Content starts

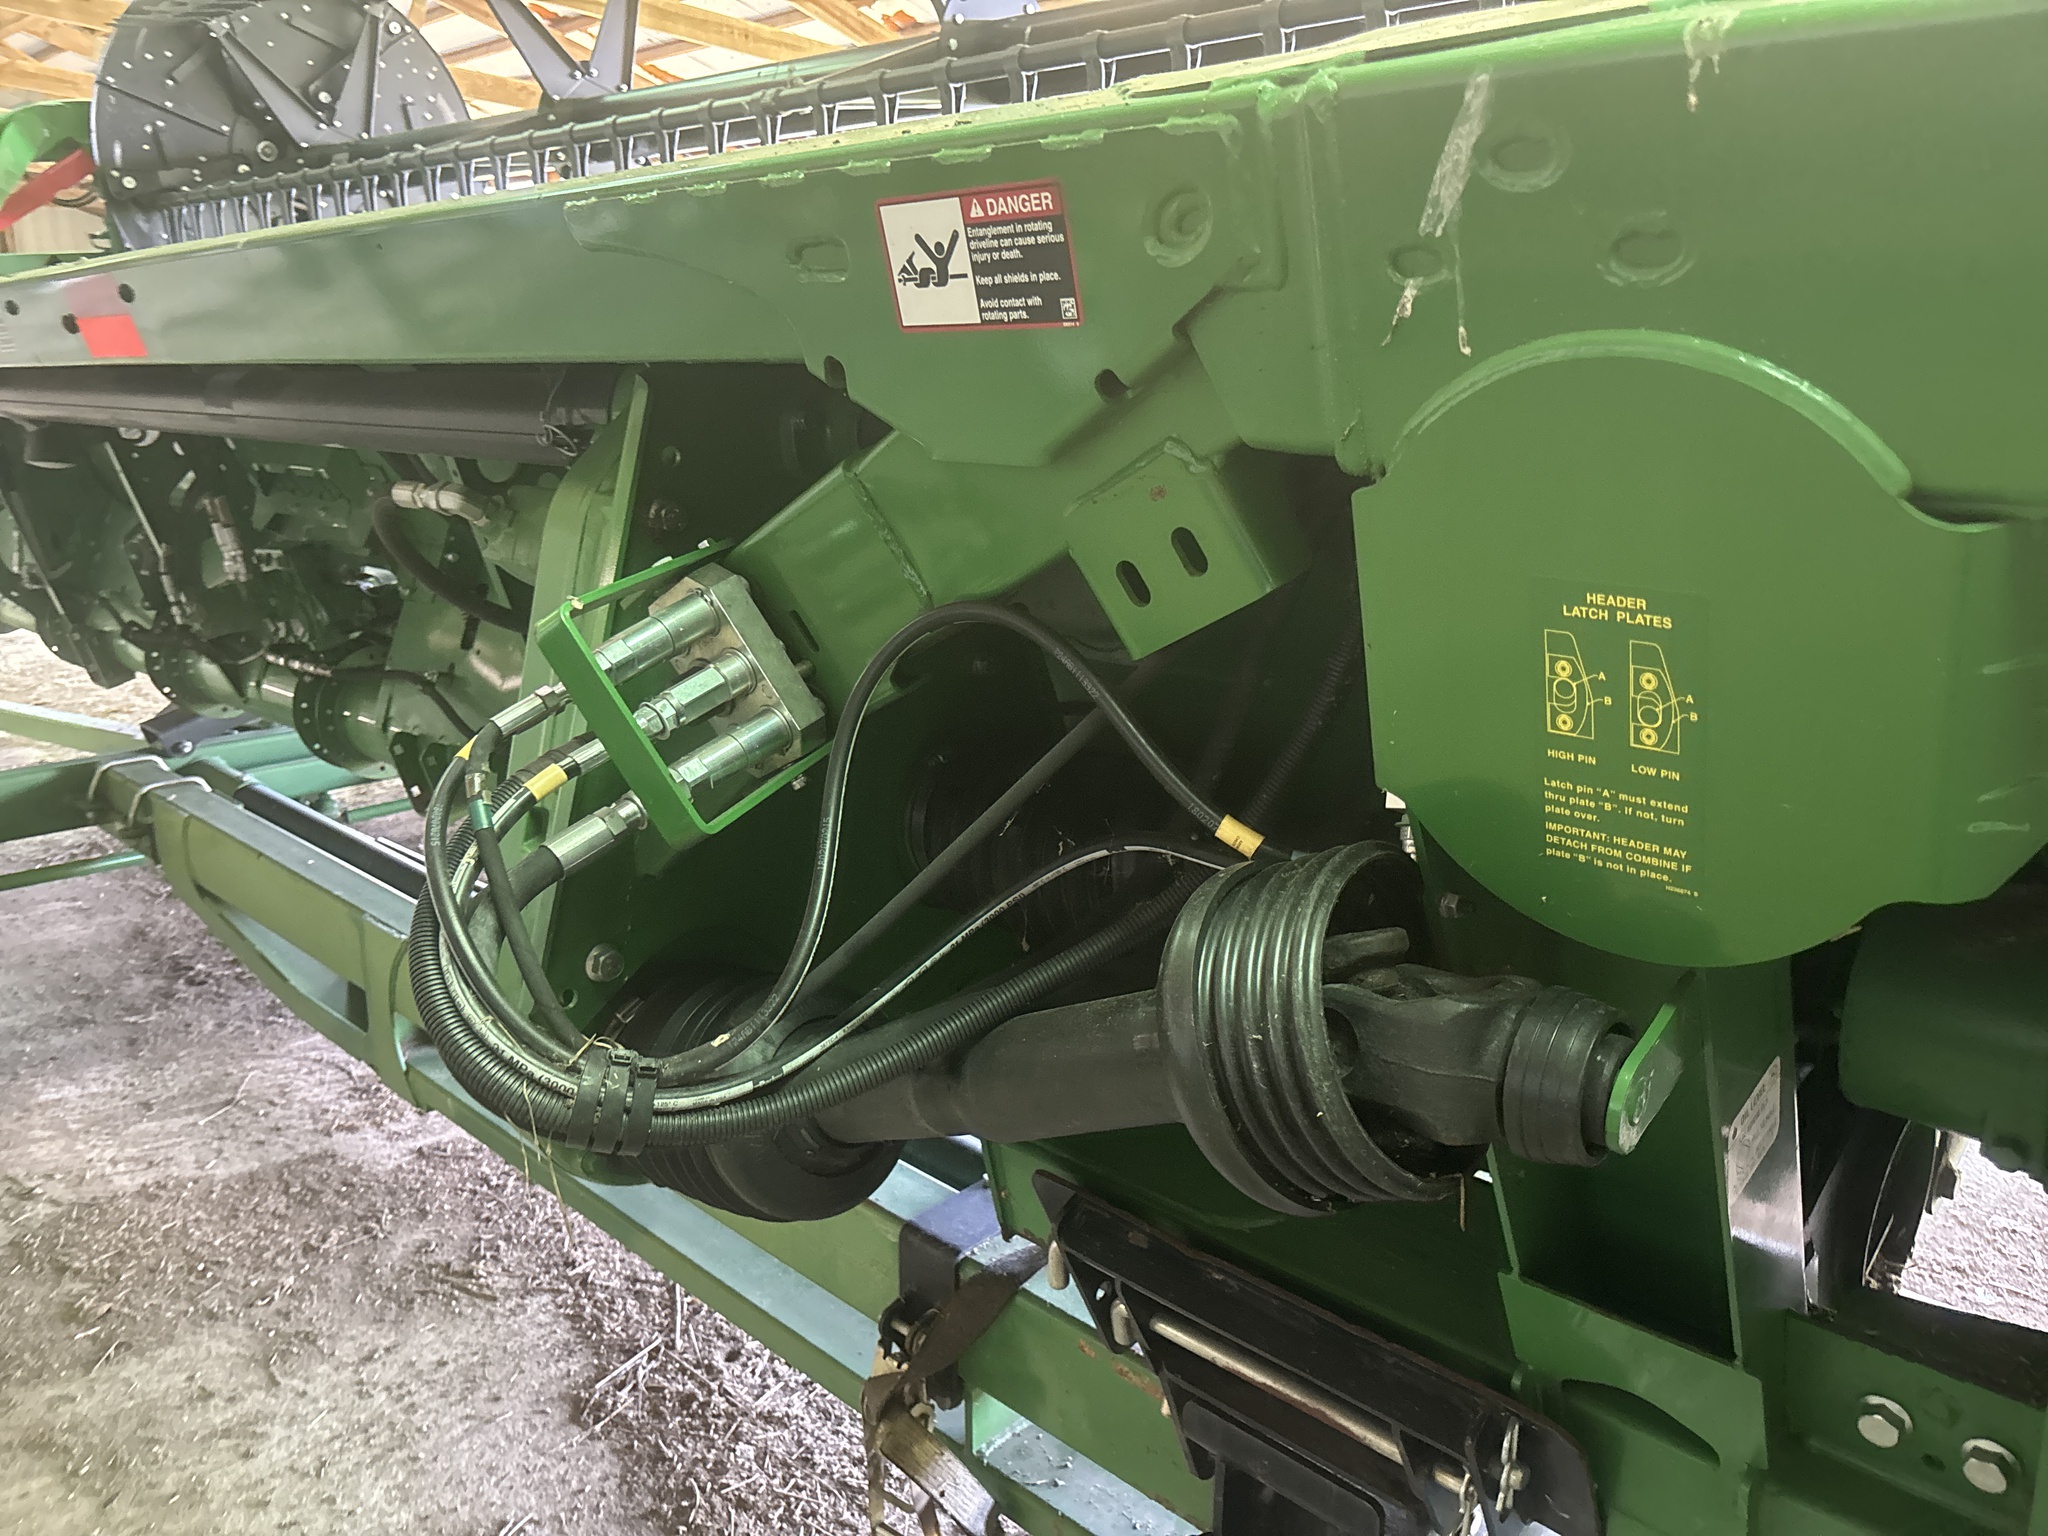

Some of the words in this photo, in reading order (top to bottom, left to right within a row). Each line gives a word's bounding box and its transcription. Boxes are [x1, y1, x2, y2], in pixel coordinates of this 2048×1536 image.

[986, 192, 1053, 216] DANGER
[967, 225, 1014, 238] Entanglement
[1015, 224, 1022, 232] in
[1024, 221, 1053, 232] rotating
[969, 239, 999, 250] driveline
[1000, 238, 1013, 247] can
[1014, 236, 1035, 246] cause
[1037, 233, 1064, 243] serious
[972, 251, 991, 263] injury
[993, 252, 1000, 260] or
[1001, 249, 1023, 259] death.
[976, 275, 994, 287] Keep
[995, 274, 1003, 284] all
[1004, 272, 1029, 283] shields
[1030, 271, 1037, 281] in
[1039, 272, 1061, 283] place.
[980, 298, 999, 308] Avoid
[1000, 297, 1026, 307] contact
[1027, 296, 1042, 306] with
[982, 309, 1008, 322] rotating
[1009, 308, 1029, 320] parts.
[1586, 592, 1647, 610] HEADER
[1563, 605, 1609, 621] LATCH
[1616, 611, 1673, 629] PLATES
[1598, 672, 1606, 681] A
[1604, 697, 1612, 706] B
[1686, 695, 1694, 704] A
[1690, 712, 1698, 721] B
[1547, 749, 1574, 762] HIGH
[1578, 754, 1596, 765] PIN
[1631, 764, 1656, 776] LOW
[1661, 769, 1680, 781] PIN
[1544, 777, 1573, 791] Latch
[1576, 783, 1594, 795] pin
[1619, 793, 1646, 805] must
[1650, 799, 1689, 814] extend
[1544, 791, 1566, 802] thru
[1569, 795, 1596, 808] plate
[1625, 806, 1633, 815] If
[1636, 810, 1657, 822] not,
[1661, 814, 1685, 826] turn
[1545, 804, 1571, 817] plate
[1574, 811, 1600, 822] over.
[1545, 822, 1610, 843] IMPORTANT:
[1613, 836, 1660, 853] HEADER
[1663, 847, 1687, 860] MAY
[1546, 834, 1588, 850] DETACH
[1591, 844, 1622, 858] FROM
[1625, 852, 1678, 870] COMBINE
[1681, 864, 1692, 874] IF
[1546, 847, 1571, 860] plate
[1594, 858, 1603, 867] is
[1606, 860, 1624, 872] not
[1627, 865, 1636, 875] in
[1640, 868, 1673, 883] place.

Content ends

=== Requirement ===
Give back all the records as they stand, but with no pictures in the copy.

=== Exercise solution ===
Some of the words in this photo, in reading order (top to bottom, left to right within a row). Each line gives a word's bounding box and its transcription. Boxes are [x1, y1, x2, y2], in pixel coordinates of this 2048×1536 image.

[986, 192, 1053, 216] DANGER
[967, 225, 1014, 238] Entanglement
[1015, 224, 1022, 232] in
[1024, 221, 1053, 232] rotating
[969, 239, 999, 250] driveline
[1000, 238, 1013, 247] can
[1014, 236, 1035, 246] cause
[1037, 233, 1064, 243] serious
[972, 251, 991, 263] injury
[993, 252, 1000, 260] or
[1001, 249, 1023, 259] death.
[976, 275, 994, 287] Keep
[995, 274, 1003, 284] all
[1004, 272, 1029, 283] shields
[1030, 271, 1037, 281] in
[1039, 272, 1061, 283] place.
[980, 298, 999, 308] Avoid
[1000, 297, 1026, 307] contact
[1027, 296, 1042, 306] with
[982, 309, 1008, 322] rotating
[1009, 308, 1029, 320] parts.
[1586, 592, 1647, 610] HEADER
[1563, 605, 1609, 621] LATCH
[1616, 611, 1673, 629] PLATES
[1598, 672, 1606, 681] A
[1604, 697, 1612, 706] B
[1686, 695, 1694, 704] A
[1690, 712, 1698, 721] B
[1547, 749, 1574, 762] HIGH
[1578, 754, 1596, 765] PIN
[1631, 764, 1656, 776] LOW
[1661, 769, 1680, 781] PIN
[1544, 777, 1573, 791] Latch
[1576, 783, 1594, 795] pin
[1619, 793, 1646, 805] must
[1650, 799, 1689, 814] extend
[1544, 791, 1566, 802] thru
[1569, 795, 1596, 808] plate
[1625, 806, 1633, 815] If
[1636, 810, 1657, 822] not,
[1661, 814, 1685, 826] turn
[1545, 804, 1571, 817] plate
[1574, 811, 1600, 822] over.
[1545, 822, 1610, 843] IMPORTANT:
[1613, 836, 1660, 853] HEADER
[1663, 847, 1687, 860] MAY
[1546, 834, 1588, 850] DETACH
[1591, 844, 1622, 858] FROM
[1625, 852, 1678, 870] COMBINE
[1681, 864, 1692, 874] IF
[1546, 847, 1571, 860] plate
[1594, 858, 1603, 867] is
[1606, 860, 1624, 872] not
[1627, 865, 1636, 875] in
[1640, 868, 1673, 883] place.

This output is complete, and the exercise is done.